This study provides a number of key insights into the compartmentalization of the chordate CNS. First, a localized Fgf8 signaling center was probably used by
the last shared ancestor of ascidians and vertebrates to delineate two regions
of the chordate brain (mesencephalon and metencephalon). Second, Fgf8
signaling in Ciona leads to restricted expression of Otx and
FoxB in the PSV, as well as restricted expression of
Pax2/5/8-A in the neck. Otx and FoxB might inhibit
Hox1 expression in the forebrain via Cyp26, whereas
Pax2/5/8-A might coordinate the expression of the regulatory genes
required for the differentiation of metencephalon motoneurons, such as
Phox2a/Arix. Finally, although the regulatory genes responsible for the
compartmentalization of the vertebrate CNS (e.g. Otx, Pax2,
Neurogenin, etc.) exhibit comparable patterns of expression in the Ciona CNS, there are both conserved and distinctive features of the underlying mechanism. Localized Fgf8 signaling is used to deploy these expression patterns in both systems, even though different regulatory mechanisms are used to restrict Fgf8 (Imai, 2009).
Precise spatiotemporal gene expression during animal development is achieved through gene regulatory networks, in which sequence-specific transcription factors (TFs) bind to cis-regulatory elements of target genes. Although numerous cis-regulatory elements have been identified in a variety of systems, their global architecture in the gene networks that regulate animal development is not well understood. This determined the structure of the core networks at the cis-regulatory level in early embryos of the chordate Ciona intestinalis by chromatin immunoprecipitation (ChIP) of 11 TFs. The regulatory systems of the 11 TF genes examined were tightly interconnected with one another. By combining analysis of the ChIP data with the results of previous comprehensive analyses of expression profiles and knockdown of regulatory genes, it was found that most of the previously determined interactions are direct. Focus was placed on cis-regulatory networks responsible for the Ciona mesodermal tissues by examining how the networks specify these tissues at the level of their cis-regulatory architecture. Many interactions were found that had not been predicted by simple gene knockdown experiments, and a significant fraction of TF-DNA interactions were found to make major contributions to the regulatory control of target gene expression (Kubo, 2010).
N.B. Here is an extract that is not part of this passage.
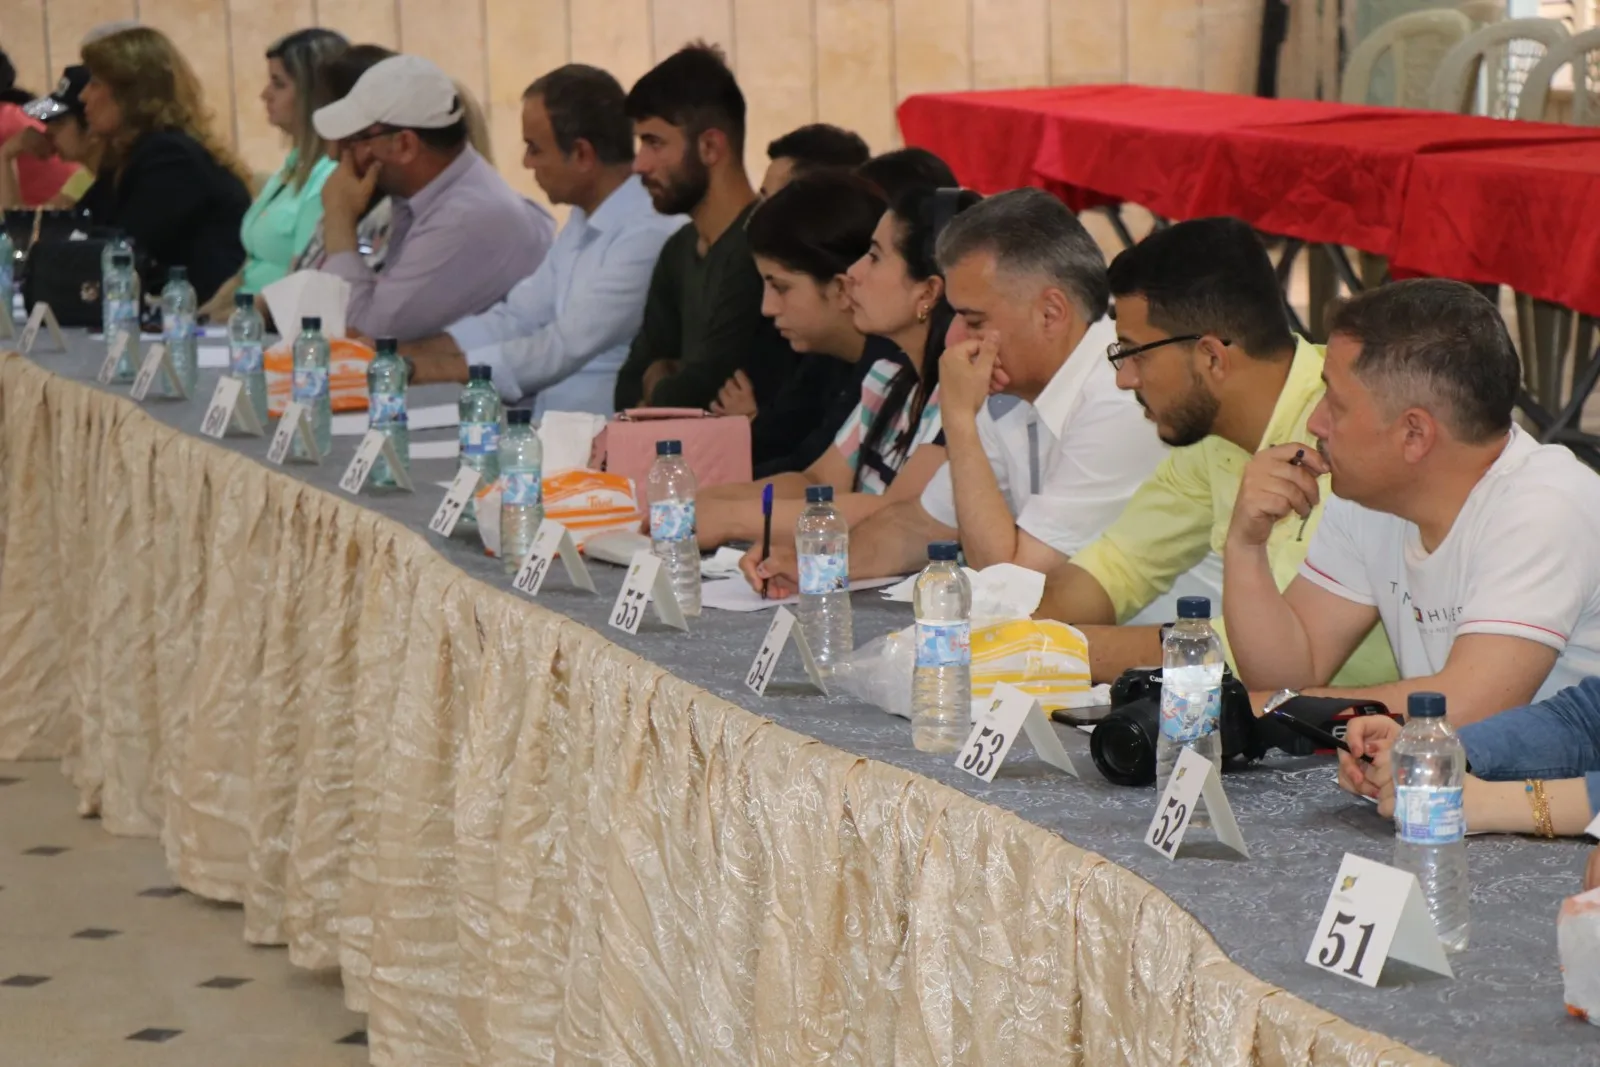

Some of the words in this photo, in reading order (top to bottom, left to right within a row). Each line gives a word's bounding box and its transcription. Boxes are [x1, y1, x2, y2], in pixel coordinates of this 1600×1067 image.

The developmental fates of blastomeres in the Ciona embryo have been determined by the gastrula stage. A comprehensive study has revealed that 53 TF genes are zygotically expressed and regulate one another in complex networks before gastrulation begins. To dissect the architecture of these networks at the level of protein-DNA interactions, focus was placed on 11 TF genes that play core roles in gene regulatory networks for endomesoderm specification: Brachyury, FoxA-a, FoxD, MyoD, Neurogenin, Otx, Snail, SoxC, Tbx6b, Twist-like1 and ZicL. Because the Ciona genome contains multiple copies of FoxD, Tbx6b and ZicL as gene clusters and their precise copy numbers have not yet been determined, these genes are collectively referred to FoxD, Tbx6b and ZicL in this paper. Likewise, there are two copies of Twist-like1, which are highly similar to each other, and these are collectively referred to as Twist-like1 (Kubo, 2010).
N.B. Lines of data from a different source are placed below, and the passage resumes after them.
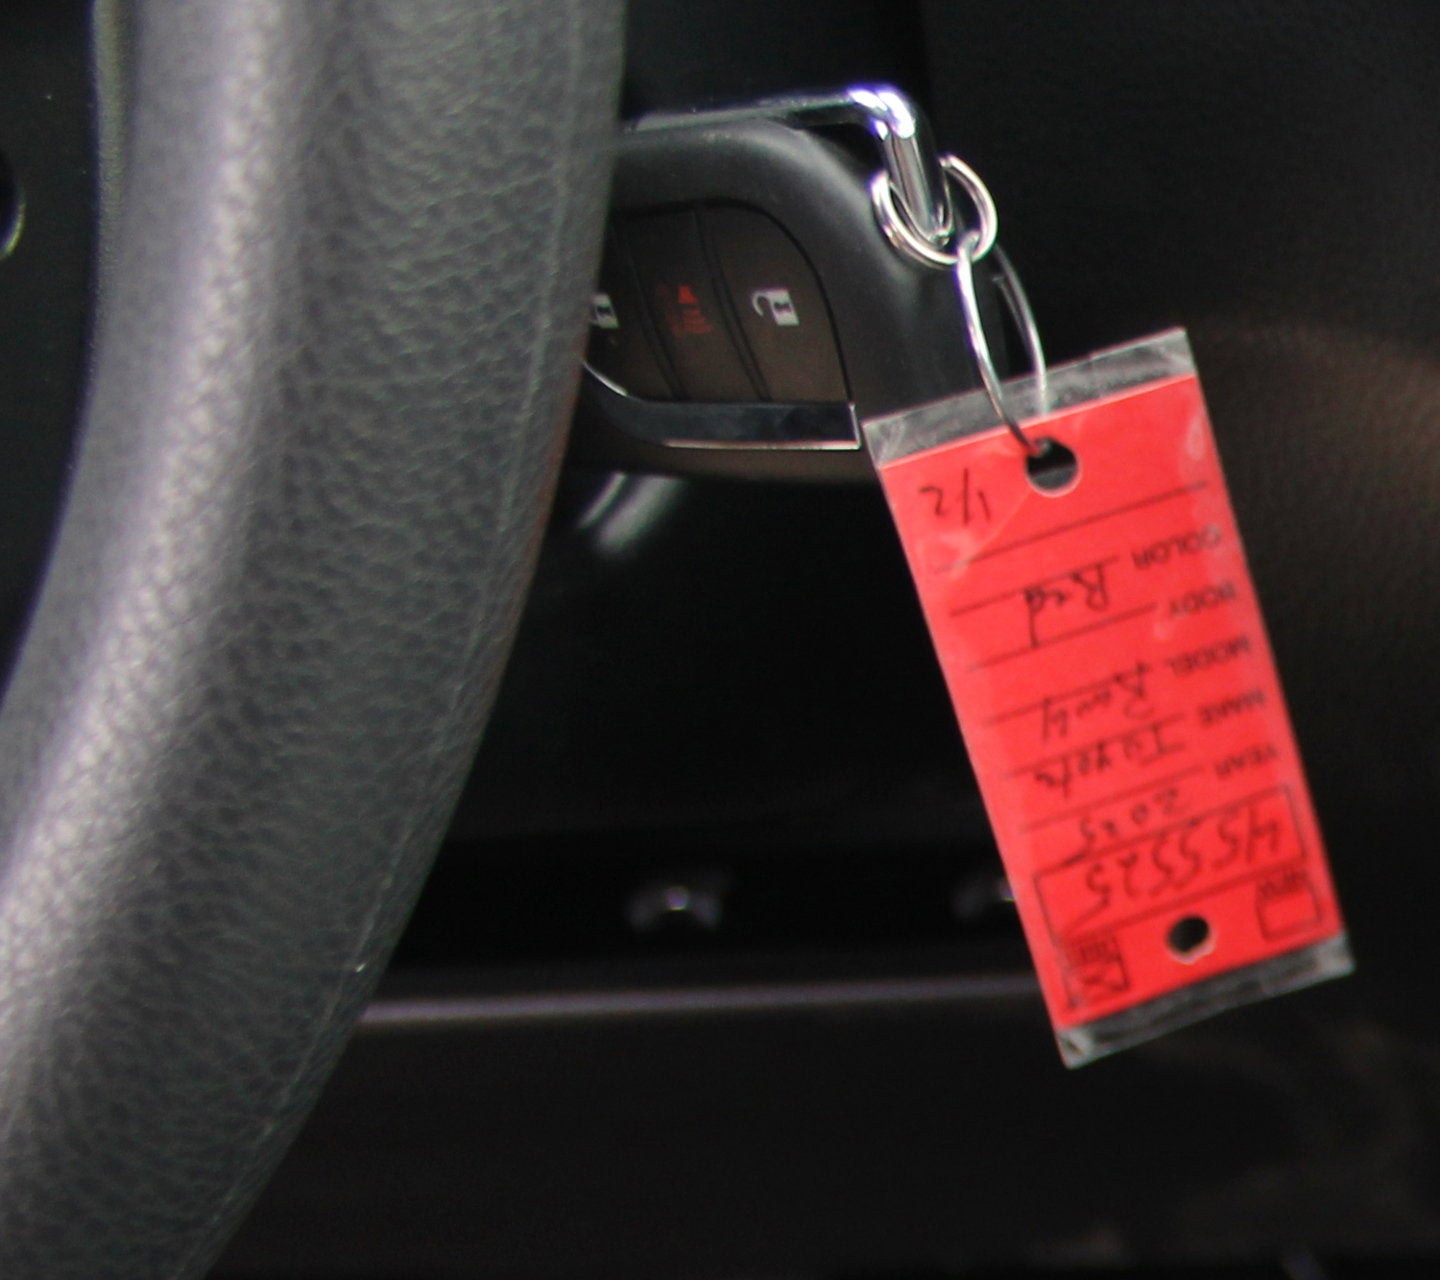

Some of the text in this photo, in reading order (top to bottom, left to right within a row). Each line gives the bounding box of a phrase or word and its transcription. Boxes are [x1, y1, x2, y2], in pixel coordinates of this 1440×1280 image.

[1132, 524, 1223, 570] COLOR
[1165, 579, 1236, 619] BODY
[1165, 633, 1251, 678] MODEL
[1196, 688, 1267, 728] MAKE
[1213, 743, 1280, 780] YEAR
Eleven gene-fusion constructs were prepared that encode GFP-tagged TFs expressed under the control of their own promoters (e.g. a fusion gene that encodes GFP-tagged Brachyury driven by the Brachyury promoter). When these constructs were introduced into eggs, the resultant embryos expressed the fusion genes at the same time and in the same blastomeres as the endogenous genes. Exceptions were the Twist-like1 and the Snail constructs. Twist-like1 is normally expressed in three cell lineages (A7.6, B7.7 and B8.5), but the construct drove Twist-like1-GFP expression only in the B7.7 and B8.5 lines. Snail expression in the notochord lineage is normally very weak. The Snail construct did not recapitulate this expression in the notochord lineage but did drive Snail-GFP expression in the remaining lineages (Kubo, 2010).
Expression of these genes did not affect embryonic morphology at the stage when the embryos were fixed. The fixed embryos were subjected to ChIP using anti-GFP antibodies, and subsequently to microarray analysis. To define significant regions, two programs were used employing totally different algorithms. DNA segments regarded as positive by both programs were defined as significant. To confirm that this approach successfully identified TF binding sites, the sequences of ZicL and Tbx6b binding regions defined with three different false discovery rates (FDRs) were analyzed, as the consensus binding motifs of these two TFs are known. The frequencies of matches to the consensus binding sequences for ZicL and Tbx6b around peaks in 0.1% FDR were generally better than in 0.01% and 1% FDRs. As expected, the frequencies of the consensus binding sequences for ZicL and Tbx6b were markedly higher around peaks in the identified regions, suggesting that the method was able to successfully identify the TF binding regions (Kubo, 2010).
Brachyury and Ci-tropomyosin-like are the only known direct targets of ZicL and Brachyury, respectively. As an independent confirmation, the TF binding sites of these genes was expected. The ZicL ChIP profile showed a sharp peak around two known strong ZicL binding sites. The Brachyury ChIP profile also showed a peak around the known Brachyury binding site in the Ci-tropomyosin-like promoter. These peaks were included in significant regions identified with all the FDRs described above. ChIP-qPCRs were performed for these two known interactions. The ChIP-qPCR results showed excellent agreement with the ChIP-chip results (Kubo, 2010).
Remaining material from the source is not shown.